> Exercise instructions
When you transcribe the entries below, keep the wording exact and omit the pictures.

> Excerpted data
╭──

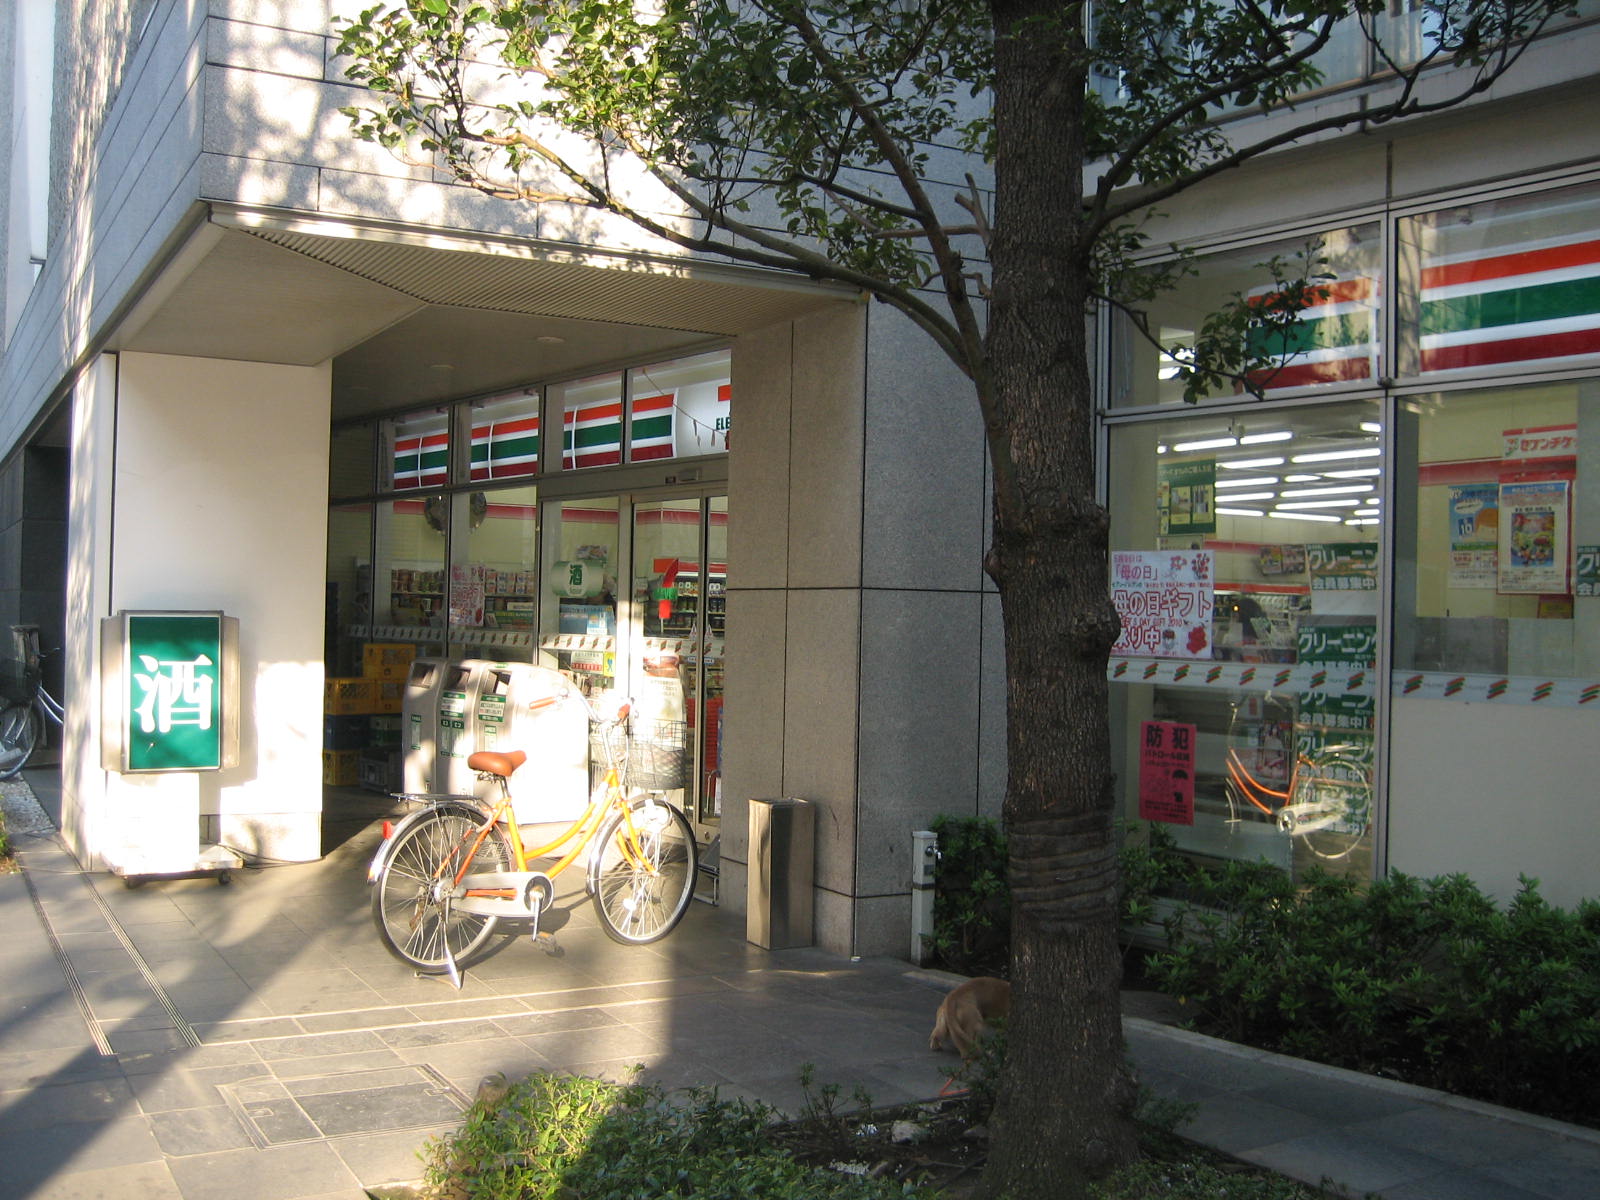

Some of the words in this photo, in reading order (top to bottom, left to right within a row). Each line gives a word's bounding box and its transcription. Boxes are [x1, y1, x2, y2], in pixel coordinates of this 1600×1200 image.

[1520, 436, 1580, 453] セブンチケ
[569, 564, 583, 586] 酒
[1114, 588, 1212, 618] 母の日ギフト
[133, 654, 214, 733] 酒
[1147, 725, 1189, 750] 防犯

╰──

> Task answer
Some of the words in this photo, in reading order (top to bottom, left to right within a row). Each line gives a word's bounding box and its transcription. Boxes are [x1, y1, x2, y2], in pixel coordinates of this 1600×1200 image.

[1520, 436, 1580, 453] セブンチケ
[569, 564, 583, 586] 酒
[1114, 588, 1212, 618] 母の日ギフト
[133, 654, 214, 733] 酒
[1147, 725, 1189, 750] 防犯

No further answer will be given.